Наталья Александровна характер имела строптивый, своенравный, спорила и с Николаем Павловичем и с Анной Семеновной. С людьми сходилась туго, но мы с ней ладили отлично, мне и сейчас ее не хватает, так с ней было интересно. Одарена она была безмерно, писала и кистью и пером, очень много читала, знала. У нее прекрасные воспоминания о Николае Павловиче - короткие, точные и полные, вся его жизнь на шести страницах. Воспоминания ее о художнике Крымове, менее острые, чем о Николае Павловиче, но тоже очень интересные, опубликованы.
Жила она в бывшей квартире своего отца при Консерватории, в отгороженной половине его кабинета, длинной и не очень светлой. В вестибюле этой огромной квартиры сохранился большой мраморный камин.

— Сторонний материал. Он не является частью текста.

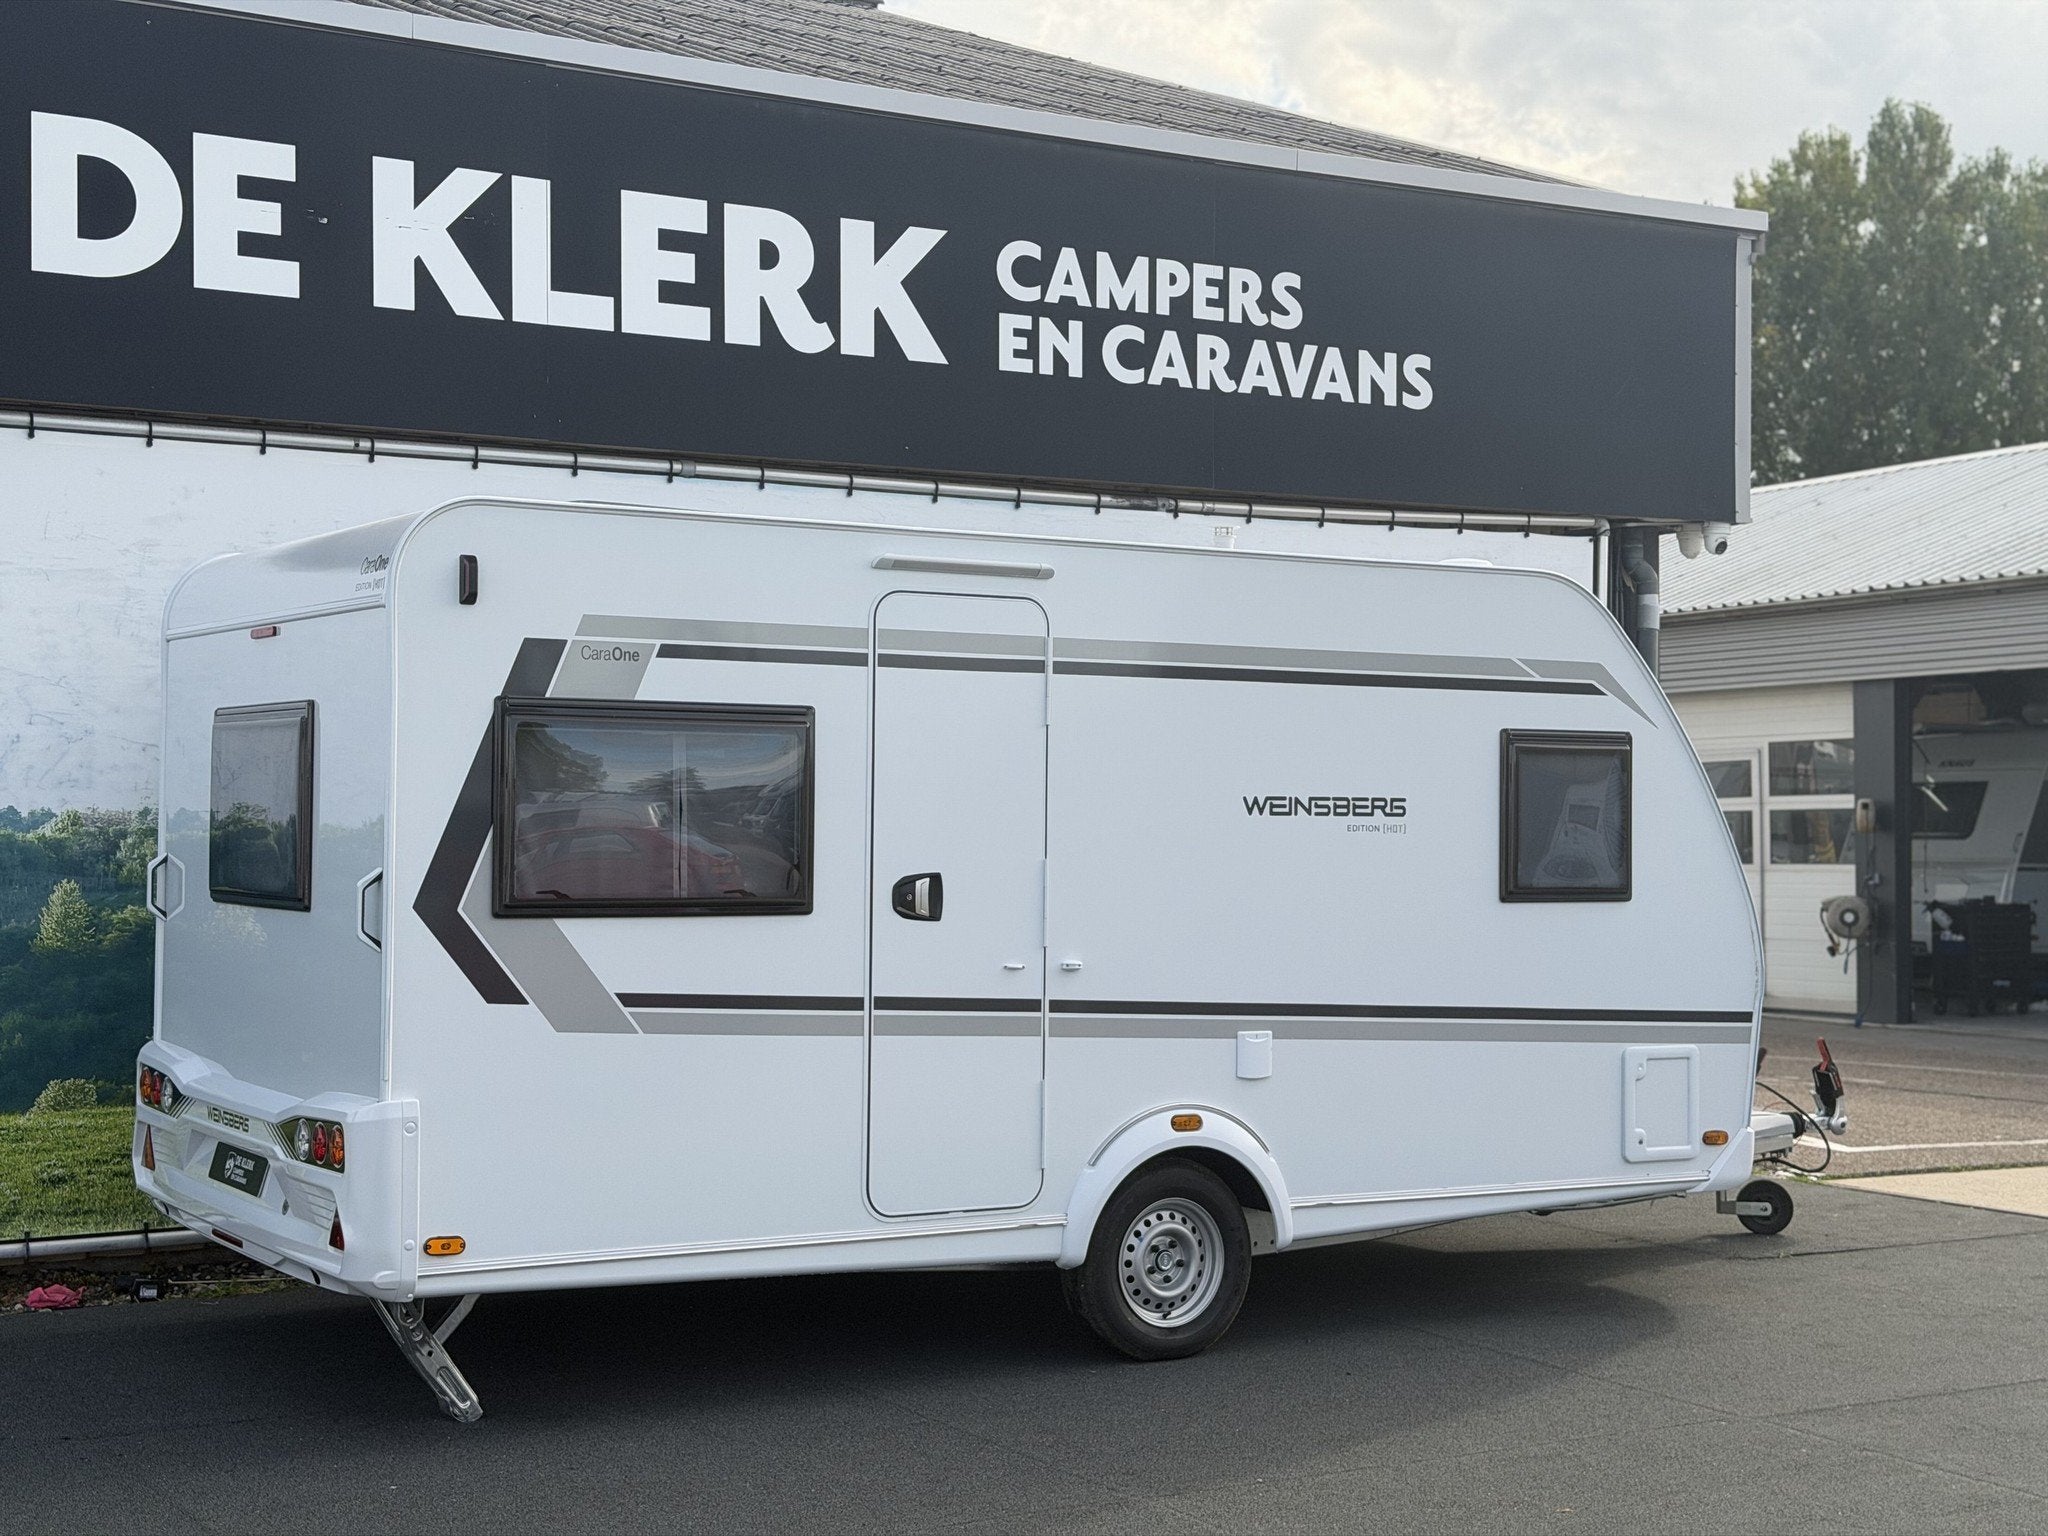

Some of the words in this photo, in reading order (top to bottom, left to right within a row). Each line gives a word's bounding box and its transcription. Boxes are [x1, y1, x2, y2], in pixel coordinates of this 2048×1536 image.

[31, 111, 300, 299] DE
[373, 156, 949, 364] KLERK
[996, 240, 1303, 330] CAMPERS
[999, 312, 1083, 378] EN
[1102, 324, 1433, 410] CARAVANS
[581, 645, 640, 662] CaraOne
[1242, 796, 1407, 818] WEINSBERG
[1346, 824, 1381, 833] EDITION
[206, 1105, 250, 1133] WEINSBERG

Как-то я хотела закрыть форточку, чтобы ей не дуло. Она сказала быстро: "Я сама!" - и в девяносто лет легко очутилась на высоком каменном подоконнике. Девяностолетняя, она была еще красива, с розовым без морщин лицом. Чтила Валентина Распутина, его "Прощание с Матерой". Была поклонницей Андрея Белого, считала, что в своих произведениях он гениально предвидел атомную бомбу. Дала читать его мне. Потом настороженно и требовательно спросила: "Понравилось?" Мне не все понравилось, я ощутила болезненность его творчества. Чтобы не огорчать, сказала: "Понравилось". Последнее, что она читала в лупу, почти ослепшая, был Андрей Белый "О Гоголе". Ум и память ее до конца дней были ясными. Скончалась она в 95 лет, в начале 80-х годов.

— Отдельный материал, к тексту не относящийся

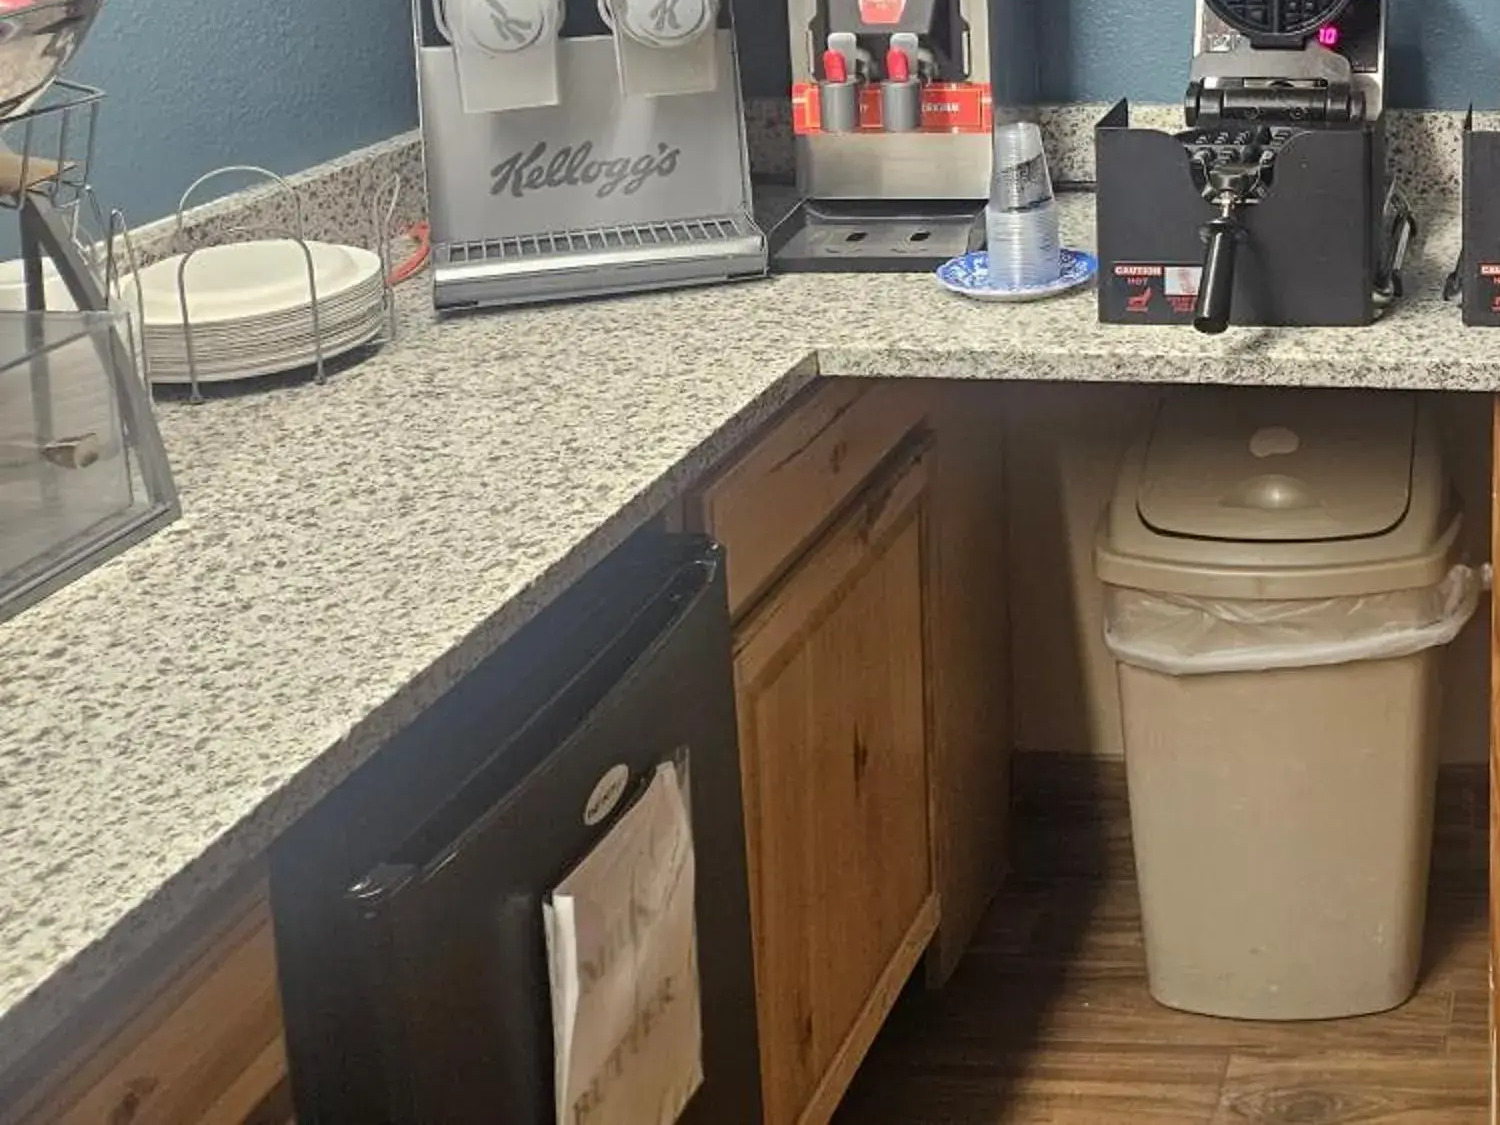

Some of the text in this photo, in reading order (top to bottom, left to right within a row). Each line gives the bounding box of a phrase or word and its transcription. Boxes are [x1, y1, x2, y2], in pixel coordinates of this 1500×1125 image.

[1319, 27, 1338, 44] 10
[488, 140, 681, 198] Kellogg's
[1114, 265, 1162, 276] CAUTION

Карандашный ульяновский портрет молодой красавицы Кастальской - в Пермском музее.
Подруга Натальи Александровны, Евгения Владимировна Муратова, жена искусствоведа и писателя П. Муратова, которую она называла просто Женька, танцевала в той же труппе Элли Тильс, но недолго и не очень удачно. Евгения Владимировна была совсем другая - мягкая, покладистая, простодушная, иногда до наивности, жизнь принимала легко. Ей поклонялся поэт В. Ходасевич, посвятив цикл стихов "Звезда над пальмой", где есть такие строки: "Боже, избавь меня от женщины с черным бантом" - Евгения Владимировна носила в волосах черный бант. Когда-то она занималась живописью с Николаем Павловичем. Наталья Александровна говорила: "Женька очень талантлива. Ее живопись - талантливый примитив".
Евгения Владимировна работала машинисткой в Союзе писателей, была знакома со многими писателями. У нее очень интересные воспоминания о ее няне, поэте Ходасевиче и Вербном воскресенье, о П. Муратове. Воспоминания о Н. П. Ульянове - бледнее.

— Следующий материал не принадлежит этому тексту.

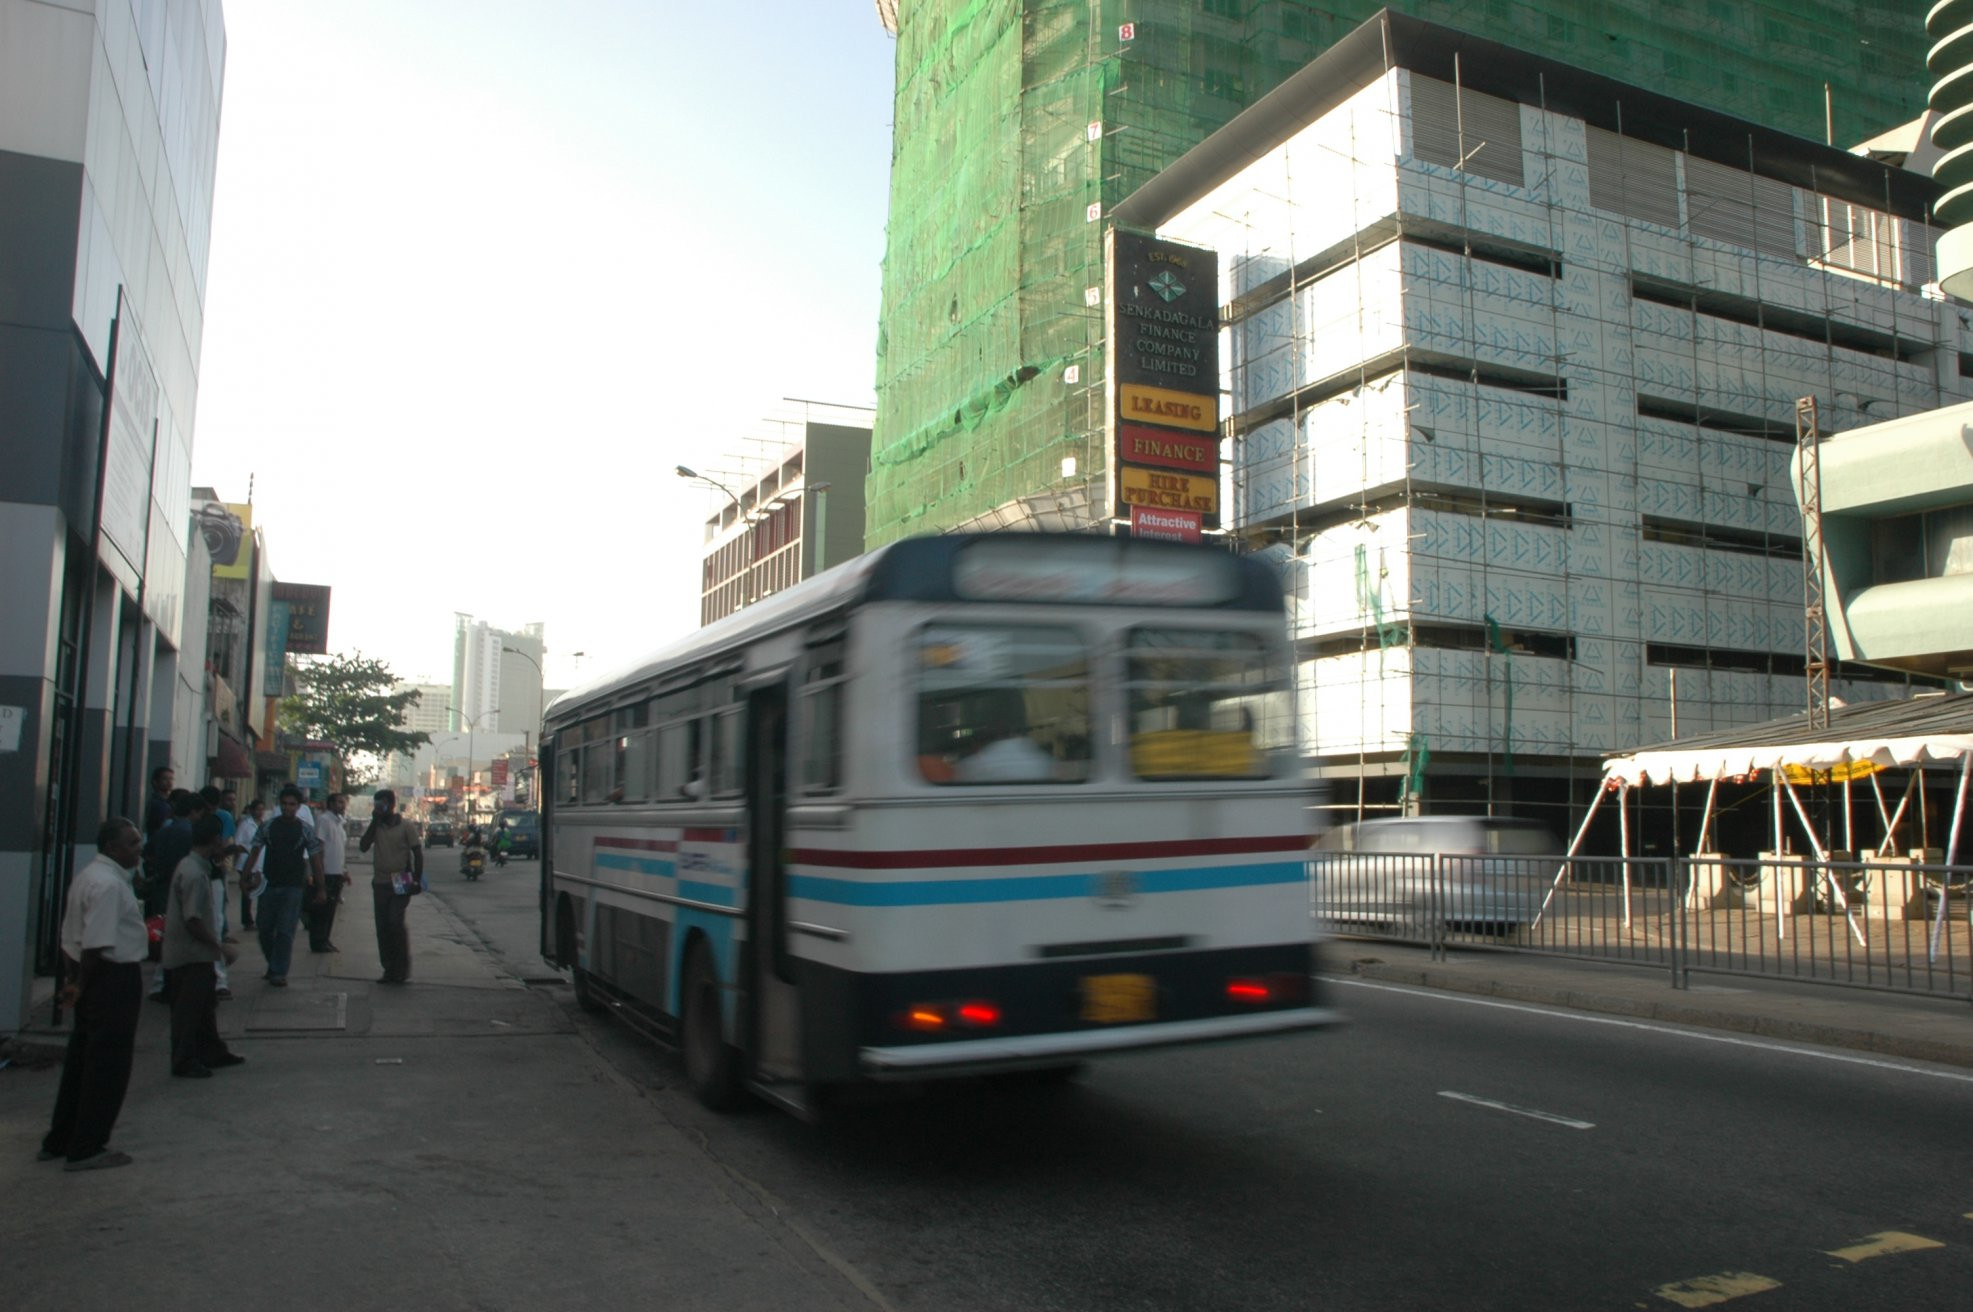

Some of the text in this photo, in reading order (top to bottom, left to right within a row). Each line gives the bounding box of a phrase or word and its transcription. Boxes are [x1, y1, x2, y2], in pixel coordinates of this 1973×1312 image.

Очень интересно рассказывала мне Евгения Владимировна о своей двоюродной сестре с необычайными глазами, сироте, воспитывавшейся в институте, - Наташе Волоховой. Навещала Наташу в институте кавалерственной дамы Чертовой на Пречистенке, показывала этот дом (Кропоткинская, 7, если память мне не изменяет). Представляла, как чинной шеренгой, особенной, мелкими шажками походкой выводили институток по воскресеньям к посетителям.